Methodology Overview

The research proposes a GAN-based approach that facilitates face-specific disentangled representations, leveraging the latent spaces of intrinsic facial properties for efficient editing. The proposed network is met with a physically-based image formation module, incorporating loss functions to manage the disentangled latent representation effectively. This method diverges from traditional face-editing that often requires complex sequential algorithms by offering a comprehensive end-to-end solution.

Key Contributions

  • End-to-End Generative Network: The methodology introduces an end-to-end network specifically tuned for understanding and editing in-the-wild face images. This approach maps the facial appearance onto a meaningful manifold, facilitating a wide variety of semantic manipulations such as expression alterations, aging, and relighting.
  • In-Network Image Formation: The paper integrates the physically-based rendering processes within the network. The disentangling of the latent space into elements like shape, lighting, and albedo is handled through in-network forward rendering models.
  • Loss Functions for Disentangling: Statistical loss functions are implemented, including batchwise white shading (BWS), improving the disentangling process by encouraging color consistency and low-frequency shading assumptions.

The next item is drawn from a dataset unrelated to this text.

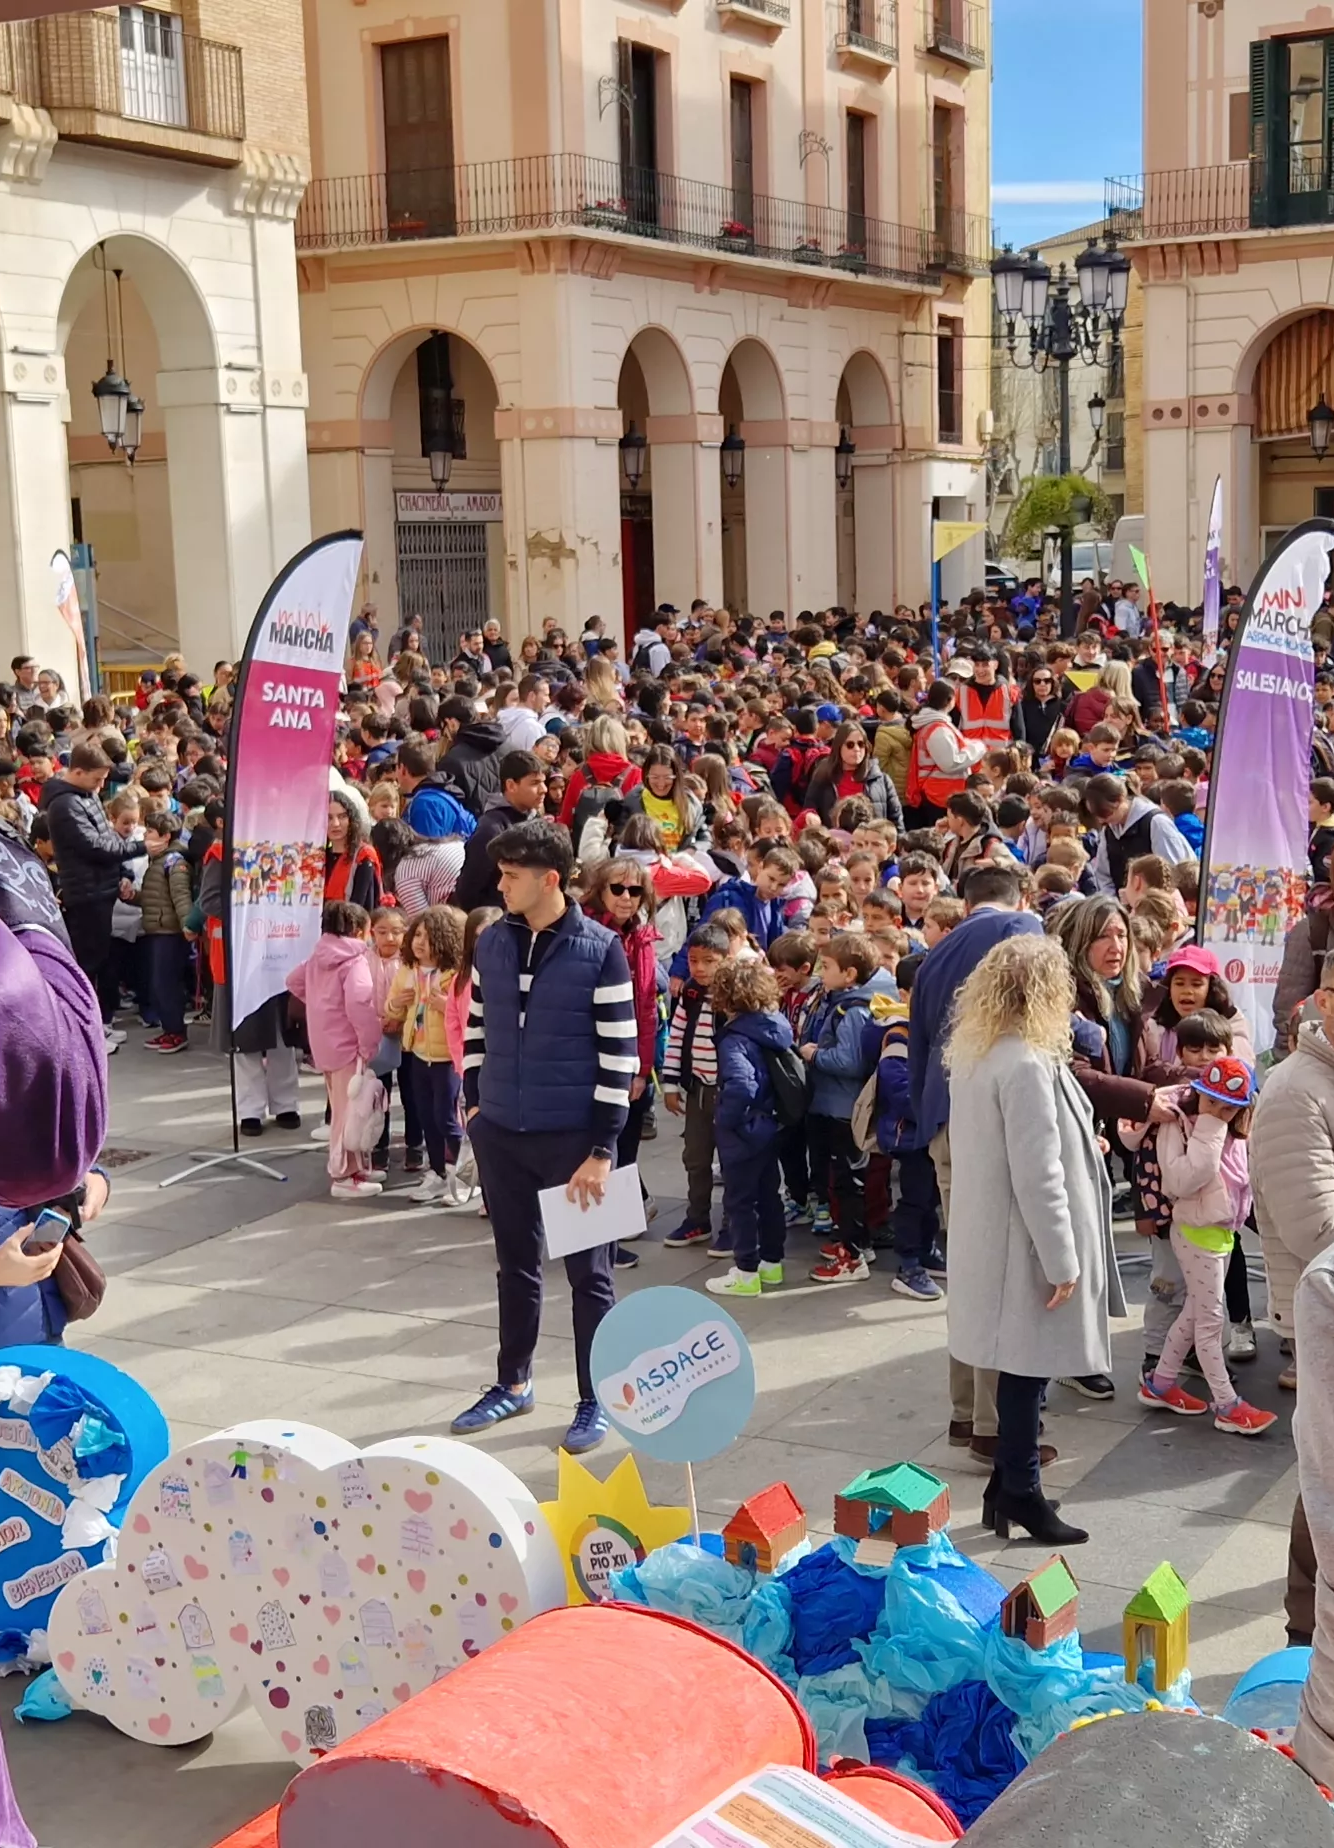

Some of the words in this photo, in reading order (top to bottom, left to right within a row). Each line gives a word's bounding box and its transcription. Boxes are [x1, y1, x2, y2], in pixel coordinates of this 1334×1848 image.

Numerical Results and Implications

The methodology provides strong numerical results compared to explicit face model fitting and traditional auto-encoder architectures. The network's capacity to furnish detailed normal, albedo, and shading maps at explicit foregrounds corroborates its superiority. Empirical evaluations exhibit lower variance in lighting estimated from controlled settings versus conventional morphable models, demonstrating enhanced stability in face image illumination estimation.

Implications and Future Directions

Practically, this research offers compelling advancements in realistic face editing applications. The disentangling approach paves the way for photo-realistic edits, addressing pose, expression, reflectance, and lighting challenges inherent in face editing tasks.

The network's architecture has broad implications for better handling face recognition and virtual try-on applications relying on facial feature synthesis. Future work could focus on extending the model’s explanatory power to accommodate more intricate facial hair and accessories such as hats, or optimizing for extreme angles and occlusions, making this framework formidable for diverse virtual applications in AI.

Conclusion

By leveraging a physically grounded methodology to disentangle intrinsic attributes of facial images, this work transcends conventional face editing paradigms, offering a robust, adaptable framework for future research and practical application in AI-driven facial analysis and synthesis tasks. The paper establishes a robust baseline for semantic facial image manipulation, motivating further exploration into the intricacies of face-specific semantic edits and their broader implications on face-based AI domains.